What to produce - Write out, word for word, only the lines from the one containing "this 1920×1080 image." through the final line of the data.

Materials provided -
BEGIN

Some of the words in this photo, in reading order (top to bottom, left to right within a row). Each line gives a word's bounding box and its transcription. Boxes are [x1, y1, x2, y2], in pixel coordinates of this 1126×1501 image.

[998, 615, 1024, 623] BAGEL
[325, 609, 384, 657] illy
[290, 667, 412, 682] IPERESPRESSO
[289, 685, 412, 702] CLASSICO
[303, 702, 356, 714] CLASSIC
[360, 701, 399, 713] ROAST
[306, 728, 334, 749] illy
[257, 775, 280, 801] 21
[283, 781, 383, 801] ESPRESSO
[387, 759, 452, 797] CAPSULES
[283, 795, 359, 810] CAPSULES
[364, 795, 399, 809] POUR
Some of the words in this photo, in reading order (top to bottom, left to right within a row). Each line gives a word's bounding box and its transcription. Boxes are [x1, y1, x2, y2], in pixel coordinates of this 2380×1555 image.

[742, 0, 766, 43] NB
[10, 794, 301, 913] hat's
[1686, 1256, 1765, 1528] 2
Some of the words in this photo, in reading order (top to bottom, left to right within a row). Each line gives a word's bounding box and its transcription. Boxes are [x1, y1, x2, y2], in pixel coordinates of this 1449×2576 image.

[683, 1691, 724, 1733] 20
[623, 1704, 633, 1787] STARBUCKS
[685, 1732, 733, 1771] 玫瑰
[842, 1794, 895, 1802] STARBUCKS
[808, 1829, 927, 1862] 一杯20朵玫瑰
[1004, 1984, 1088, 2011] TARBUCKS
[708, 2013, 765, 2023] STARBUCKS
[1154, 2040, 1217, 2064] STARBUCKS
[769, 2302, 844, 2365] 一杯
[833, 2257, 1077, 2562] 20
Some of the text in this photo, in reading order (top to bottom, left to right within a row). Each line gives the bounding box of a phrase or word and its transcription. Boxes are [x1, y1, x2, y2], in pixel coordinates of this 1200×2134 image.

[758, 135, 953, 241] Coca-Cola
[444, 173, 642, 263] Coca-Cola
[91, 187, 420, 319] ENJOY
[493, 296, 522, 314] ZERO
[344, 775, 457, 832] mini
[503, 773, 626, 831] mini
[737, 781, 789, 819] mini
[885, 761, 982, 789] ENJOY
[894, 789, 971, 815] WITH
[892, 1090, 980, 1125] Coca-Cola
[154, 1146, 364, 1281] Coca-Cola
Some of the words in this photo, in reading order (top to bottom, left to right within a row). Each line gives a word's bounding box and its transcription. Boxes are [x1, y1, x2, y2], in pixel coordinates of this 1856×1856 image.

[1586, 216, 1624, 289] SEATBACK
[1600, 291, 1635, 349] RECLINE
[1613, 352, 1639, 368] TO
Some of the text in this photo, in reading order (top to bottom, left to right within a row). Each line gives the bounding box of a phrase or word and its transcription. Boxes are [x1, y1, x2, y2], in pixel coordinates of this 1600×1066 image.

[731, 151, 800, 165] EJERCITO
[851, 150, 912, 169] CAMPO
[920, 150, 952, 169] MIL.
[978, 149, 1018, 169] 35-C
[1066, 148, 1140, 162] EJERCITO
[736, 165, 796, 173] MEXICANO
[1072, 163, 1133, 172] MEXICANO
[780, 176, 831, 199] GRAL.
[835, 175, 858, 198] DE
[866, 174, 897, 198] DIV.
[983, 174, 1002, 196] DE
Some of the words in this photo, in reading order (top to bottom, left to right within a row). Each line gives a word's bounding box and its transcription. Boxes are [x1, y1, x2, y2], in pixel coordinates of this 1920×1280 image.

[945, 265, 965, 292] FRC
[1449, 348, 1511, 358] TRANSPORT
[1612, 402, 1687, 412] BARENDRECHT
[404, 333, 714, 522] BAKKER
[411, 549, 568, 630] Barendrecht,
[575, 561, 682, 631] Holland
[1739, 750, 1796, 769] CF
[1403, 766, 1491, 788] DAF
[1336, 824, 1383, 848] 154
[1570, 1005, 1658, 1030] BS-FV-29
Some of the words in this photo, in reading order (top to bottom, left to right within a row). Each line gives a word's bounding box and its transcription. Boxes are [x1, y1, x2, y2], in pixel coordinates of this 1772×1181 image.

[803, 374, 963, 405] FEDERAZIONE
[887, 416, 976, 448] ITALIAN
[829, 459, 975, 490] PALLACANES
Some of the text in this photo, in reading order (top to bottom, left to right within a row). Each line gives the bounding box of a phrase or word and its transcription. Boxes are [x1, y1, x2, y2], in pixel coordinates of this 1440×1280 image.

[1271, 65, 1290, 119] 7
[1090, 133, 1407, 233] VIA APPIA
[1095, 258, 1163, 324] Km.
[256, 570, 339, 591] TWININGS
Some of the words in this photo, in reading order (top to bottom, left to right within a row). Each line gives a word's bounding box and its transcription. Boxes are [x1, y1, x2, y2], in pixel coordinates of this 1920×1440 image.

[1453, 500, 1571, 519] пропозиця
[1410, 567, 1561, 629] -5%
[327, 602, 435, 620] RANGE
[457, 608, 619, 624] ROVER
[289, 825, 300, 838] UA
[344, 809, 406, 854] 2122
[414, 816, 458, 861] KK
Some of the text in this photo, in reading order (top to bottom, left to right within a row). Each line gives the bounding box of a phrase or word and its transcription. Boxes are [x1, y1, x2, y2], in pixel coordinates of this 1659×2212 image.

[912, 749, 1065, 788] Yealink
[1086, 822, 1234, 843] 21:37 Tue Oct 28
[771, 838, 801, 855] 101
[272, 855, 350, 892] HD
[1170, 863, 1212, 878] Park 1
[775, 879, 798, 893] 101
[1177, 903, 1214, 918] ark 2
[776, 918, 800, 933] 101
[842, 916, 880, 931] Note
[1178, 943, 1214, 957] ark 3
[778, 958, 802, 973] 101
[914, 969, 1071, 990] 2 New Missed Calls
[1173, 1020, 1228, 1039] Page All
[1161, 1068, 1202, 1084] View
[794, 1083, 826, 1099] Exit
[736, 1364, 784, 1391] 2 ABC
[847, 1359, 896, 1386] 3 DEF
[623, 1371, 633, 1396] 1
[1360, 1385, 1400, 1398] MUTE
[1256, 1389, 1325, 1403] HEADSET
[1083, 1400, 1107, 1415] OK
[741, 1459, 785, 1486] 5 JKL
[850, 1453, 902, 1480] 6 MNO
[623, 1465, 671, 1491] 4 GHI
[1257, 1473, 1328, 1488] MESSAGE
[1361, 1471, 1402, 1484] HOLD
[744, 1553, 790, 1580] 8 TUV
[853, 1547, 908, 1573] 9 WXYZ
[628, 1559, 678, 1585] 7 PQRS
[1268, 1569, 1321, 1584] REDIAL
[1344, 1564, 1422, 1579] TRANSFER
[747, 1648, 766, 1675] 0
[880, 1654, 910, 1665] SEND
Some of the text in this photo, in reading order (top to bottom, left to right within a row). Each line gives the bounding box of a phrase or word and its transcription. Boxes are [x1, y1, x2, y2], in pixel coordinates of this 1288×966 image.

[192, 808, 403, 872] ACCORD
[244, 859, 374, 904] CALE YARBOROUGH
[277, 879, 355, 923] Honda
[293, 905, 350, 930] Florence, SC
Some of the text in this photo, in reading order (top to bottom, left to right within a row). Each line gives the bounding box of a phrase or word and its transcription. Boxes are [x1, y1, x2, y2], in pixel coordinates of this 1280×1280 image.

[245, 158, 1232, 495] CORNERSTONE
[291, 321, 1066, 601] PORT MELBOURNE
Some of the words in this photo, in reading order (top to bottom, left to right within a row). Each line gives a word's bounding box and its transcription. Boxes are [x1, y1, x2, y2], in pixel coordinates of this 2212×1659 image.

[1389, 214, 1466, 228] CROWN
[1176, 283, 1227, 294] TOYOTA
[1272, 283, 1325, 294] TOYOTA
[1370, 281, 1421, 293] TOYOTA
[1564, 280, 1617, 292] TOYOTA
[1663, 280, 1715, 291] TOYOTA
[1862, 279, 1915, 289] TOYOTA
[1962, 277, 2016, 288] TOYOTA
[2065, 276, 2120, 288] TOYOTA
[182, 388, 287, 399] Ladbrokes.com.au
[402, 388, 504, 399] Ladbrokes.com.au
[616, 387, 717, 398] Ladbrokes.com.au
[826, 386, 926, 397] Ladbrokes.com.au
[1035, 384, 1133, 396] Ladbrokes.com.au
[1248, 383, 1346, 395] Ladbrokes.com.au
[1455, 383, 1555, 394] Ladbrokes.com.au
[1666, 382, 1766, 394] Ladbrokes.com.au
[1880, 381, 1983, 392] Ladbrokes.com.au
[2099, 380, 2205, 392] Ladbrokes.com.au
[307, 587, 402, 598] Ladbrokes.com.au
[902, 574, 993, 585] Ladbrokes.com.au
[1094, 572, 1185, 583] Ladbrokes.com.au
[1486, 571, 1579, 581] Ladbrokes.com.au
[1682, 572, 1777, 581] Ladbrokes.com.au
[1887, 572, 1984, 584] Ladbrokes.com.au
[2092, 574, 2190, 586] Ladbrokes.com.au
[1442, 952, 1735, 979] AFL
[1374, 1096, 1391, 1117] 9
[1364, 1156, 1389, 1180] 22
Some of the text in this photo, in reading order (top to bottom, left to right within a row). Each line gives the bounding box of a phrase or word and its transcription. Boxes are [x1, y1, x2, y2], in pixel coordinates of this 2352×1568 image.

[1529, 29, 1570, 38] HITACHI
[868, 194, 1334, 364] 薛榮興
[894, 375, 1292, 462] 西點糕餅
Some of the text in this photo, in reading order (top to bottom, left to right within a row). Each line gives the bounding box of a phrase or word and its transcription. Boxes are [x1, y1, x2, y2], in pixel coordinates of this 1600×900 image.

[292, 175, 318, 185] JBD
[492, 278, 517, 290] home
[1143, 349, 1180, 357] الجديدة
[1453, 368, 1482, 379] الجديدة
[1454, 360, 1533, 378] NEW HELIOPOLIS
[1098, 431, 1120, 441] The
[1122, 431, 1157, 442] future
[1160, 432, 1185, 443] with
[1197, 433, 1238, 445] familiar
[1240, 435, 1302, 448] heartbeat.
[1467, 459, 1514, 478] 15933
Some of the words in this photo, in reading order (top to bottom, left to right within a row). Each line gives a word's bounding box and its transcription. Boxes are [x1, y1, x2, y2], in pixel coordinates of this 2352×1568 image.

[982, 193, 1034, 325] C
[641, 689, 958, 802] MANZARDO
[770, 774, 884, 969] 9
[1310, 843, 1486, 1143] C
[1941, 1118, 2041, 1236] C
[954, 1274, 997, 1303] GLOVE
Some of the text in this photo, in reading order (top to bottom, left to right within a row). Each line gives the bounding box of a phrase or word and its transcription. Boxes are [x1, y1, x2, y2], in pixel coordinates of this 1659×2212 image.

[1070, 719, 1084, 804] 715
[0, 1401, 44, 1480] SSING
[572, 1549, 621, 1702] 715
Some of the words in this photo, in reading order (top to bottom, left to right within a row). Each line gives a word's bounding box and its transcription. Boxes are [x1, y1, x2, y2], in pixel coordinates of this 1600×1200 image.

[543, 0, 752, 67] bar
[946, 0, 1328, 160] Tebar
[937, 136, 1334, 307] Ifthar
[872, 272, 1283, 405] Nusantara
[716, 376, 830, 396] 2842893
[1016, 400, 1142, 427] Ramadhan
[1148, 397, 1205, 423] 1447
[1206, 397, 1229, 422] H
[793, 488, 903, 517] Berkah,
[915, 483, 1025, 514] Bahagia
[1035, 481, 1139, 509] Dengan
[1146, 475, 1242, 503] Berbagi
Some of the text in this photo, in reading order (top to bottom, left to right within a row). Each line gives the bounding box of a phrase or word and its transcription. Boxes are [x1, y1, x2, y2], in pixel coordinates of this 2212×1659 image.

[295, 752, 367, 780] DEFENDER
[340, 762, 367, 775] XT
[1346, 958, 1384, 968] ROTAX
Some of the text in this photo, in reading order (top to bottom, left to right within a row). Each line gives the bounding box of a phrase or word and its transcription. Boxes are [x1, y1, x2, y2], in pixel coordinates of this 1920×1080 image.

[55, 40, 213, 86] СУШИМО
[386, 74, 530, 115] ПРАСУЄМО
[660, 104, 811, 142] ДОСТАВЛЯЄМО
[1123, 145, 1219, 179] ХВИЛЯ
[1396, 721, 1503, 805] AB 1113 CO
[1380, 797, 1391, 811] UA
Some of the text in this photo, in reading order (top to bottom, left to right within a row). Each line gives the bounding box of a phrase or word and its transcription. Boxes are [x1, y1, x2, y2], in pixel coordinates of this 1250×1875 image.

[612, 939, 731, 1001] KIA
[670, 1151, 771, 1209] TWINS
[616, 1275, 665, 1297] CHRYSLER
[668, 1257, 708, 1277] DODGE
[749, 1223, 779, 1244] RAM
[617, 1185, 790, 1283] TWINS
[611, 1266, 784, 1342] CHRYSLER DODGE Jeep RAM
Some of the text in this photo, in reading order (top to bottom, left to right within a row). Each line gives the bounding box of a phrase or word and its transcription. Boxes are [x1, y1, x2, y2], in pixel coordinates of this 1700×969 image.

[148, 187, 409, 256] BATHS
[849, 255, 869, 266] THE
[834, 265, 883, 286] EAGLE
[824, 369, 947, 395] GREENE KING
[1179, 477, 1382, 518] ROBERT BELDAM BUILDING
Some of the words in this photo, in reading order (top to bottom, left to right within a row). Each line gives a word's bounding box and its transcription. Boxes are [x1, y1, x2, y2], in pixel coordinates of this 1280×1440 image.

END

Result -
Some of the text in this photo, in reading order (top to bottom, left to right within a row). Each line gives the bounding box of a phrase or word and its transcription. Boxes are [x1, y1, x2, y2], in pixel coordinates of this 1920×1080 image.

[55, 40, 213, 86] СУШИМО
[386, 74, 530, 115] ПРАСУЄМО
[660, 104, 811, 142] ДОСТАВЛЯЄМО
[1123, 145, 1219, 179] ХВИЛЯ
[1396, 721, 1503, 805] AB 1113 CO
[1380, 797, 1391, 811] UA
Some of the text in this photo, in reading order (top to bottom, left to right within a row). Each line gives the bounding box of a phrase or word and its transcription. Boxes are [x1, y1, x2, y2], in pixel coordinates of this 1250×1875 image.

[612, 939, 731, 1001] KIA
[670, 1151, 771, 1209] TWINS
[616, 1275, 665, 1297] CHRYSLER
[668, 1257, 708, 1277] DODGE
[749, 1223, 779, 1244] RAM
[617, 1185, 790, 1283] TWINS
[611, 1266, 784, 1342] CHRYSLER DODGE Jeep RAM
Some of the text in this photo, in reading order (top to bottom, left to right within a row). Each line gives the bounding box of a phrase or word and its transcription. Boxes are [x1, y1, x2, y2], in pixel coordinates of this 1700×969 image.

[148, 187, 409, 256] BATHS
[849, 255, 869, 266] THE
[834, 265, 883, 286] EAGLE
[824, 369, 947, 395] GREENE KING
[1179, 477, 1382, 518] ROBERT BELDAM BUILDING
Some of the words in this photo, in reading order (top to bottom, left to right within a row). Each line gives a word's bounding box and its transcription. Boxes are [x1, y1, x2, y2], in pixel coordinates of this 1280×1440 image.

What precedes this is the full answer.